Coming back to the products existent in exchange. I look at that option no.2 (Margin Trading). This is with … borrowed money… Hmm … What is the interest on those borrowings? I want to know because an interest is a cost, so profit diminishes. But it shouldn’t be a fortune, right?

Let’s dig in to see exactly how high is this interest (will do this in PART 3).

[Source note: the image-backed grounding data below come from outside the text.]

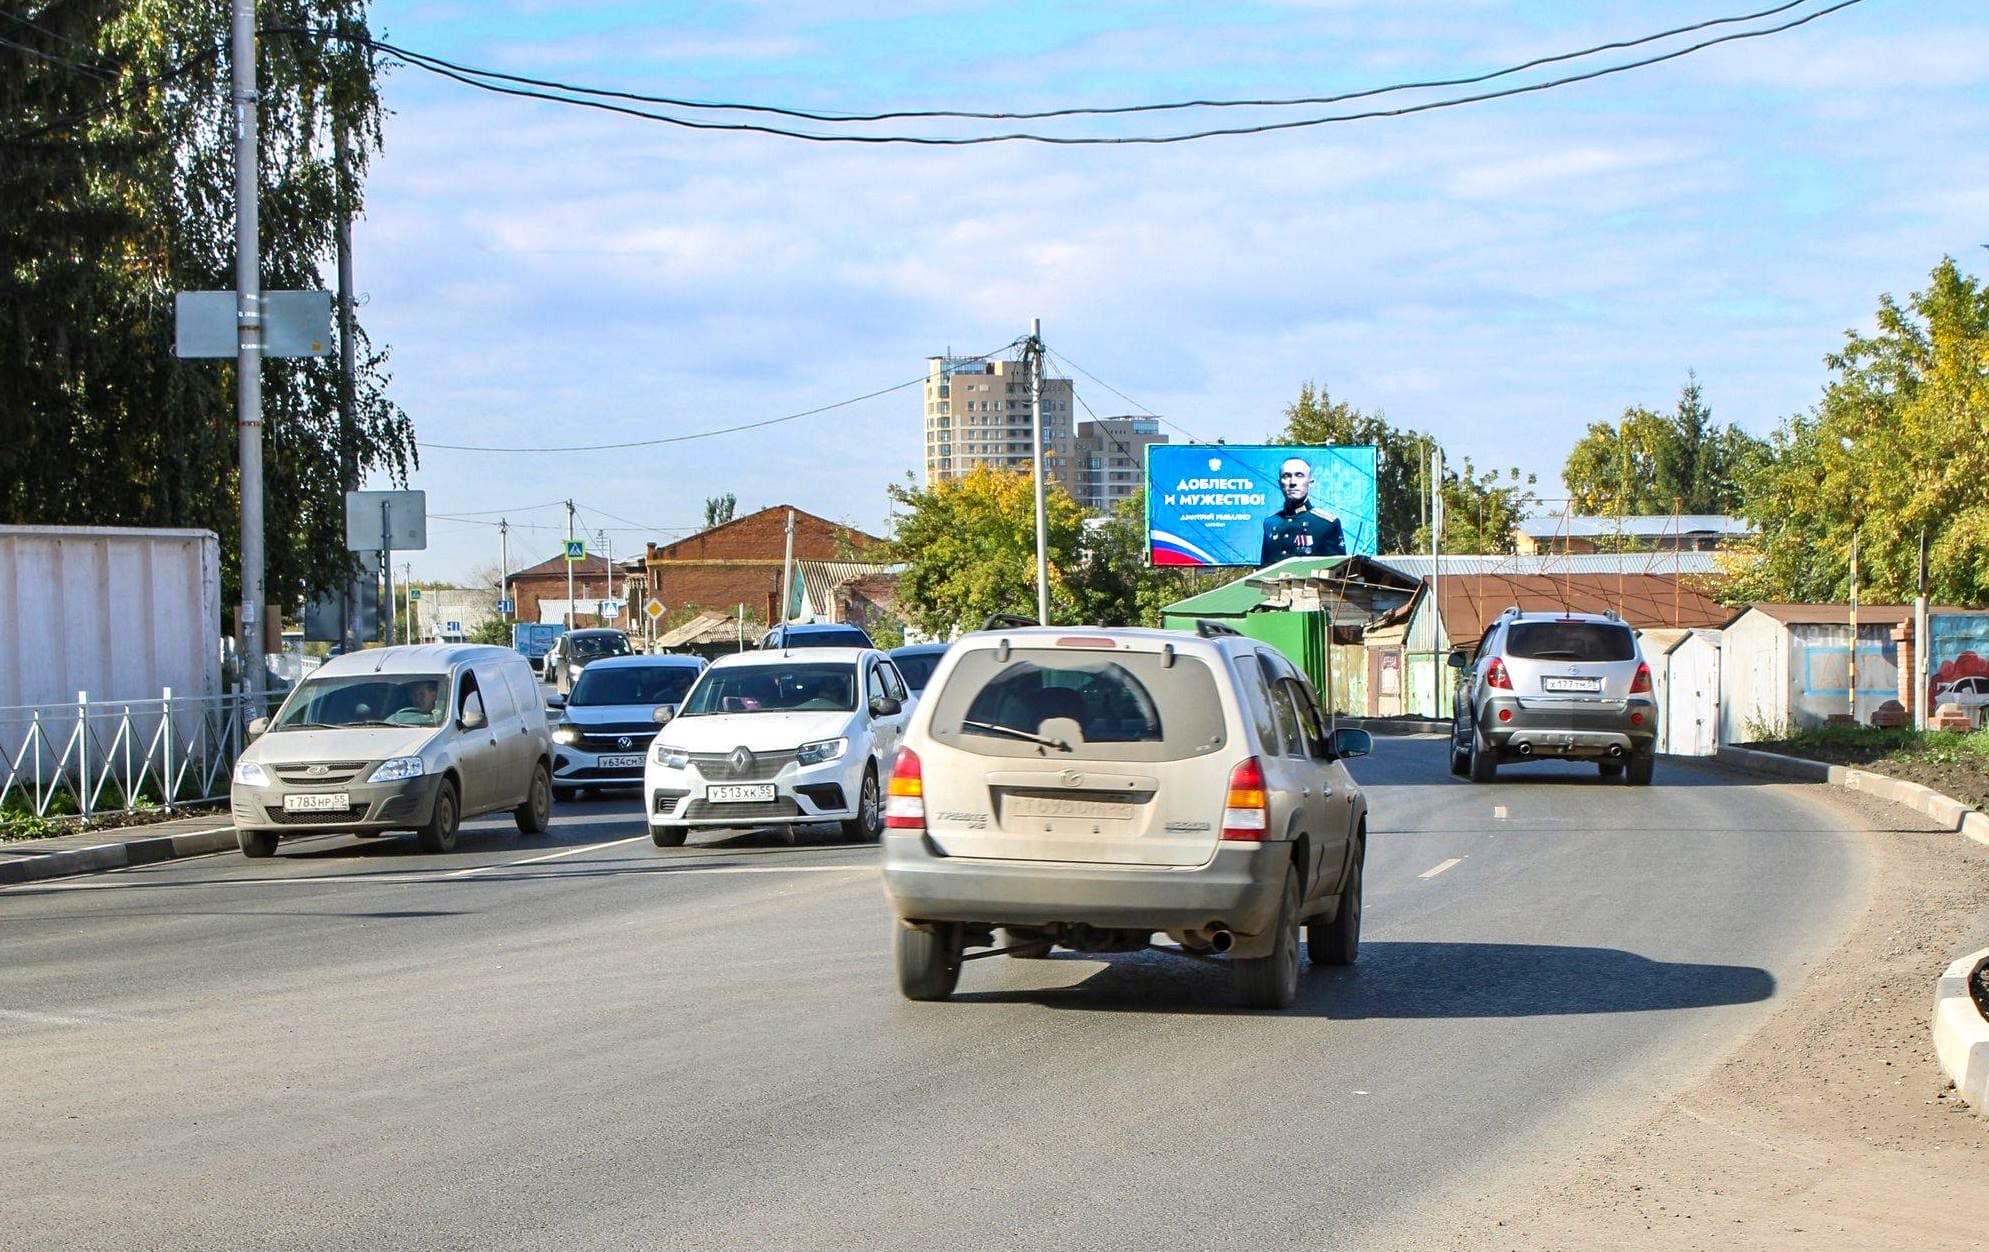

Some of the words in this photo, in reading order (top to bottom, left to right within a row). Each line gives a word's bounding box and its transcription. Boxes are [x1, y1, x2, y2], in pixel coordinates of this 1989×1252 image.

[1177, 478, 1254, 491] ДОБЛЕСТЬ
[1164, 494, 1175, 506] И
[1180, 494, 1266, 506] МУЖЕСТВО!
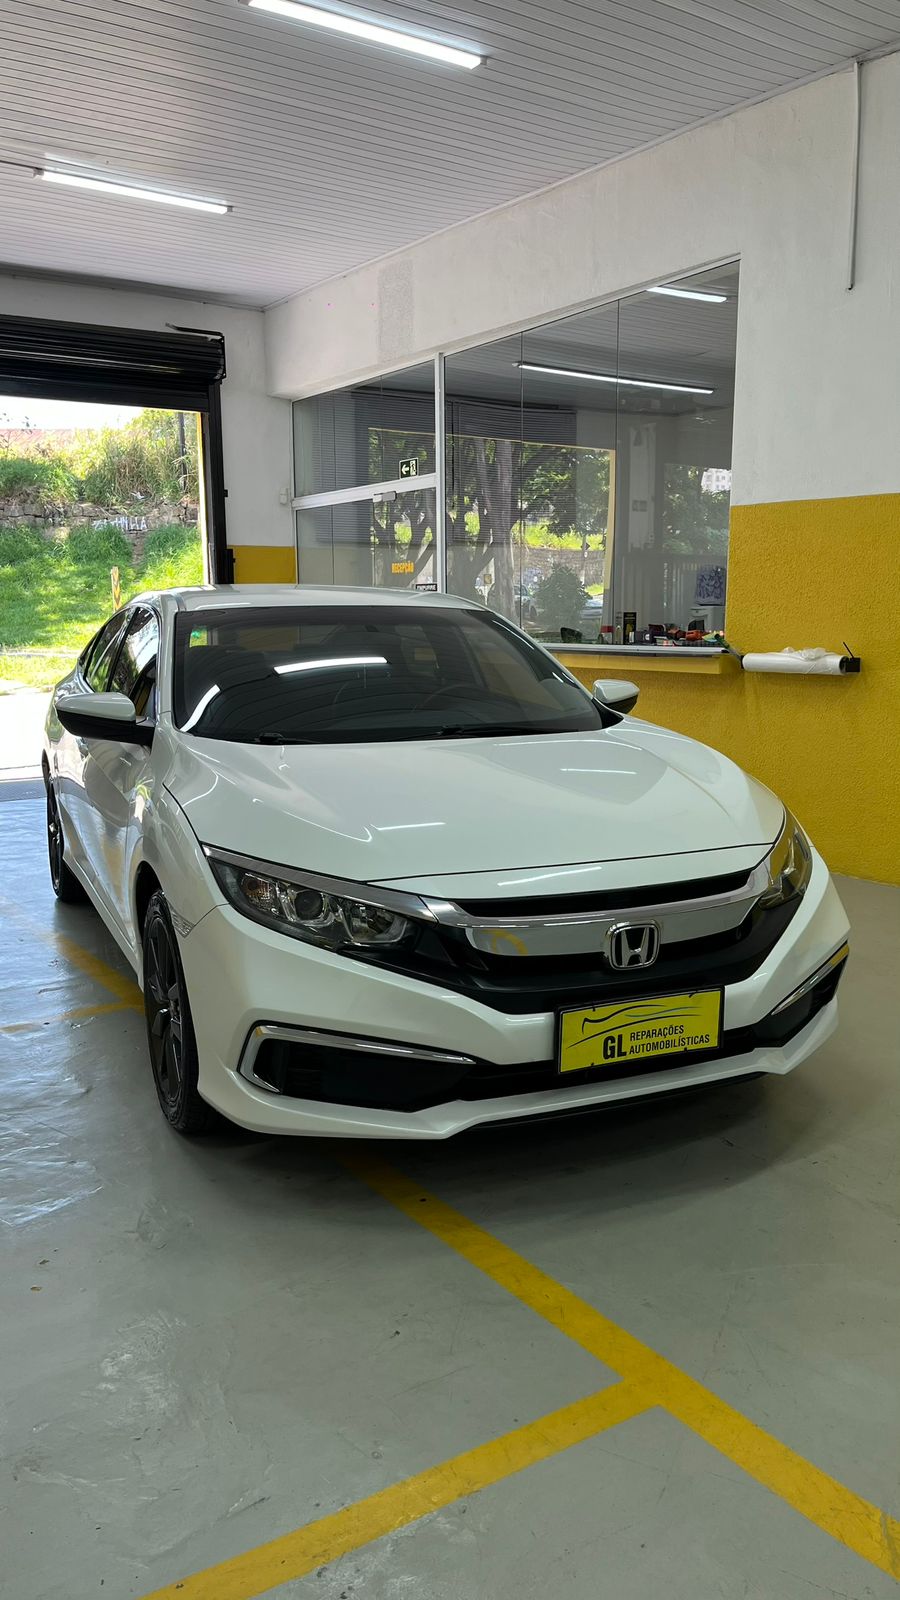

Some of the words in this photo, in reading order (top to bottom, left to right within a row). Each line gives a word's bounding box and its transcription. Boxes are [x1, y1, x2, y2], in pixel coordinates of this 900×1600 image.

[630, 1025, 684, 1042] REPARAÇÕES
[602, 1034, 627, 1060] GL
[629, 1034, 710, 1055] AUTOMOBILÍSTICAS
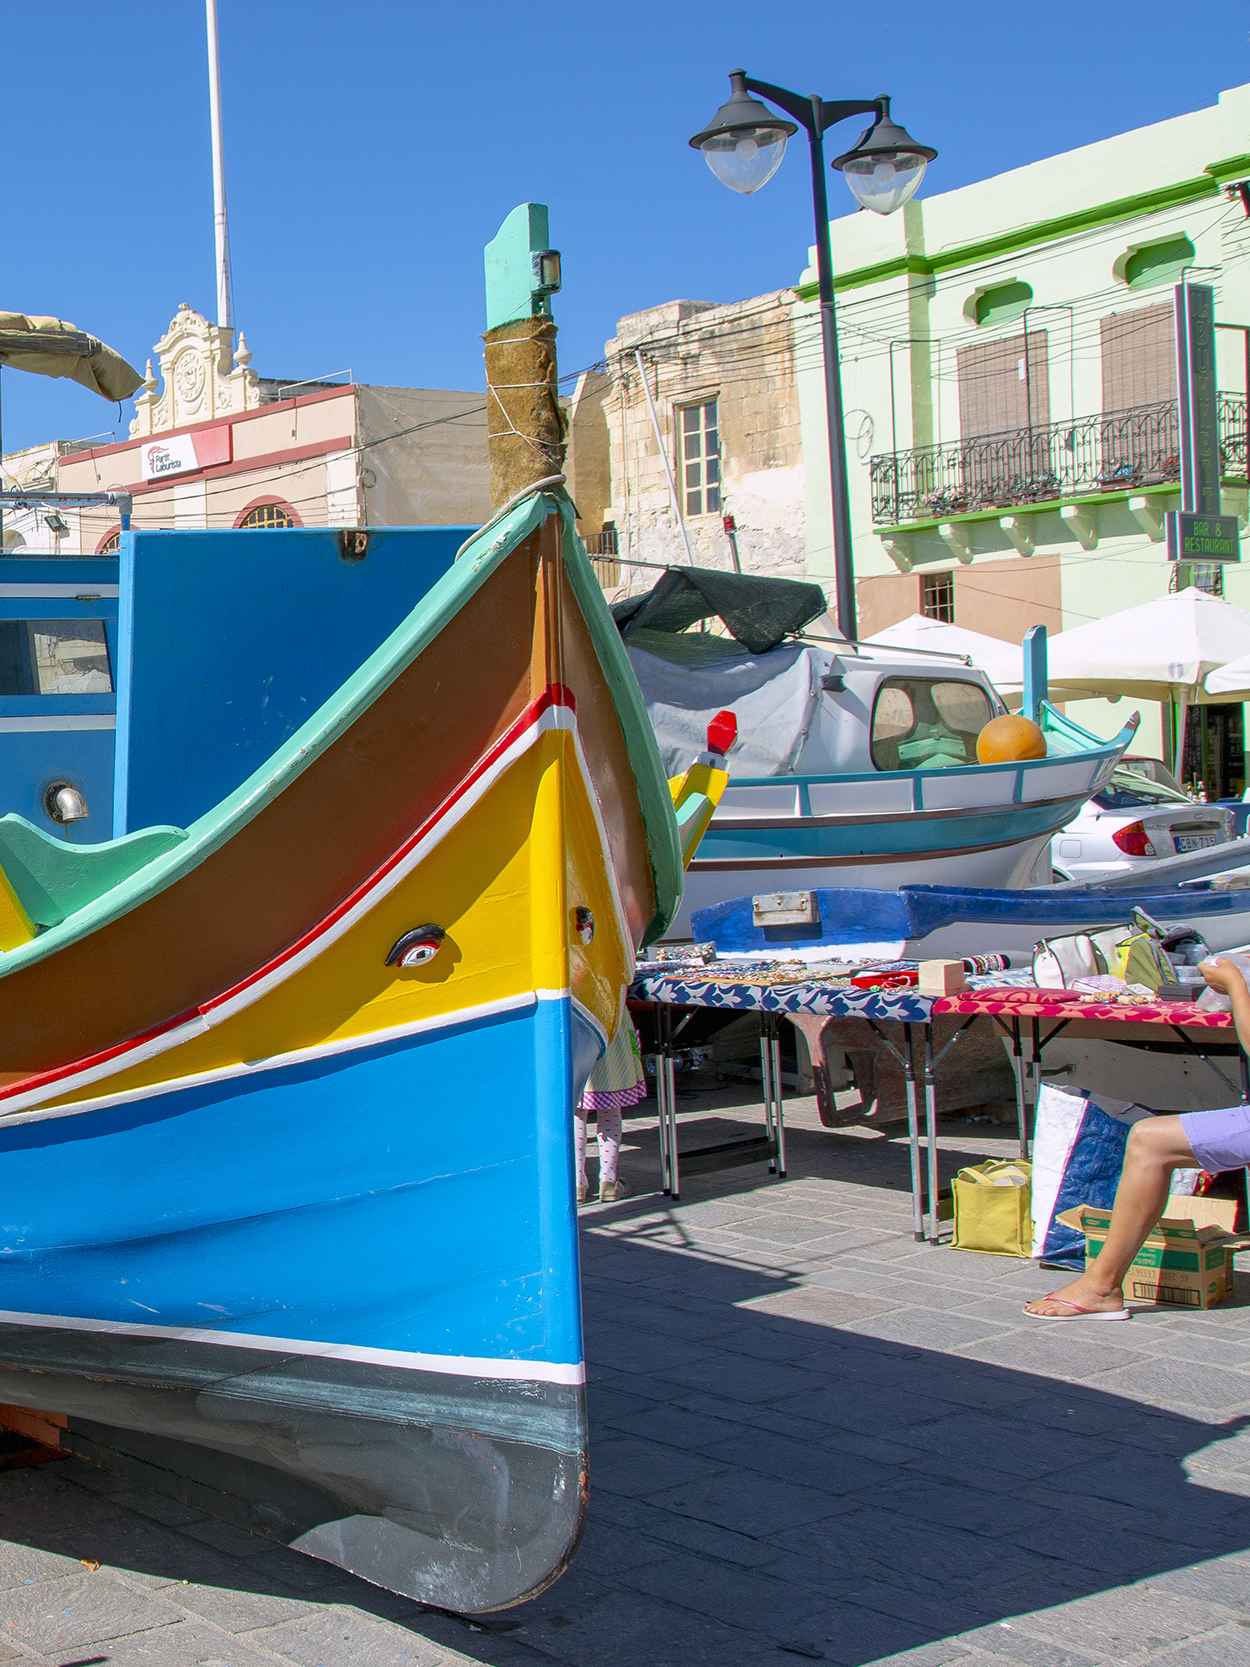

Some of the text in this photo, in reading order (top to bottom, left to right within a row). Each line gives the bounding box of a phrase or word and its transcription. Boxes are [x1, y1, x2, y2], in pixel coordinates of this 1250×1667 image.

[155, 452, 170, 463] Partit
[155, 459, 182, 473] Laburista
[1193, 520, 1222, 537] BAR &
[1184, 536, 1234, 554] RESTAURANT
[1180, 836, 1216, 850] CBN 715
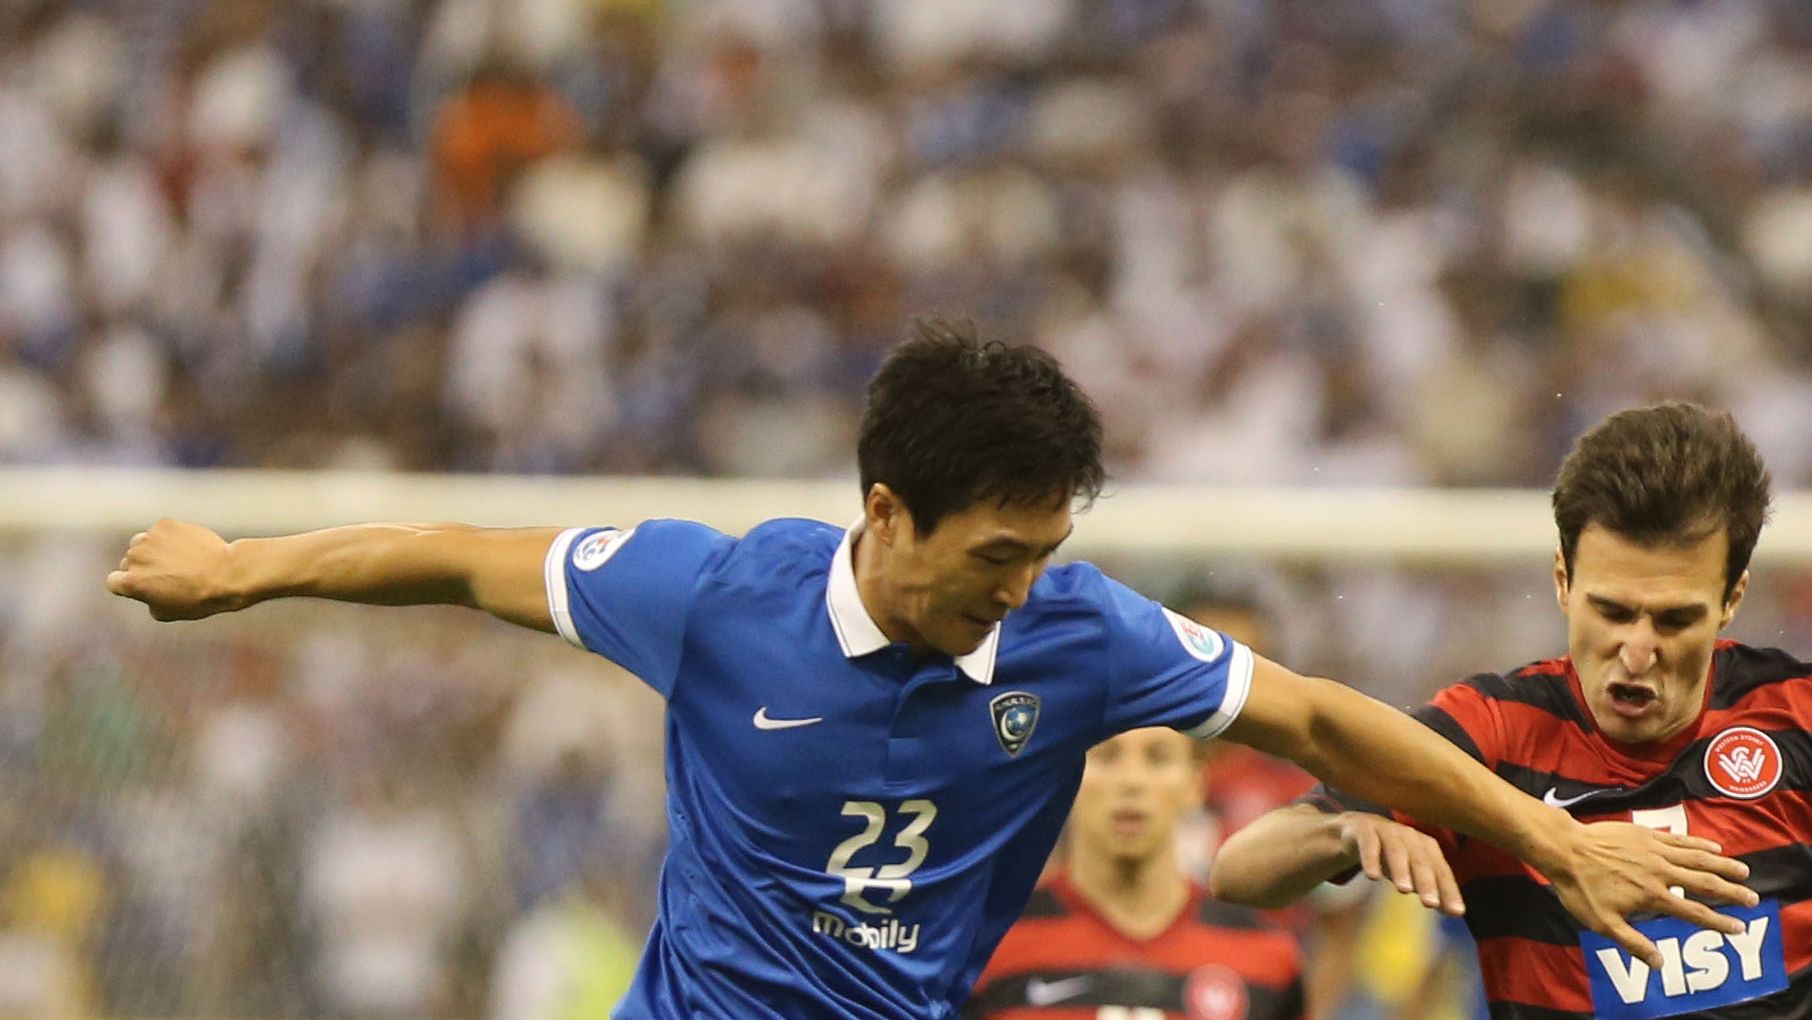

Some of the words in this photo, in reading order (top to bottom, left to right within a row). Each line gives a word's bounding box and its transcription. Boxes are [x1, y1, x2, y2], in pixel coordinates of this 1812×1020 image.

[826, 799, 938, 880] 23
[813, 910, 920, 953] mobily
[1595, 916, 1769, 1004] VISY

So far I have completed the below steps:

  • I took advantage of reduced fees at Liquid exchange and I configured some setting in my account opened with Liquid in order to pay such fees with Qash (50% discount on trading fees …. yeeyee…) 👍
  • I started to assess the available products at Liquid exchange besides Spot Trading, namely Margin Trading (not decided though if I want to trade with margin or not) because fees are to be assessed (I will do it in the next article) and – most important – trading with high leverage is addicting and if you are wrong on a trade your account could be wiped out (liquidated) easily. Therefore, if I am going to trade with margin I’ll do it with minimum of leverage (I think 2x could be enough for this experiment – I will provide details as this series or articles unfolds) and with Stop Loss (of course).
  • I have build a small code snippet using ccxt library (a Python wrapper for APIs of 100+ crypto exchanges that includes’s API) that lists all the available pairs at this exchange
  • I have defined my trading strategy, not a perfect one, but subject of further improvements that hopefully will come along with gaining experience in trading, yet sufficient to get me motivated to achieve the final objective of this series of article: to automate trading by creating a bot that will trade 24/7 based on the underlying trading strategy. With good profits. Let’s hope for the best, but prepare for the worst (crypto is so volatile and a market in early stages of development that one needs to be very, very careful as many reported losses)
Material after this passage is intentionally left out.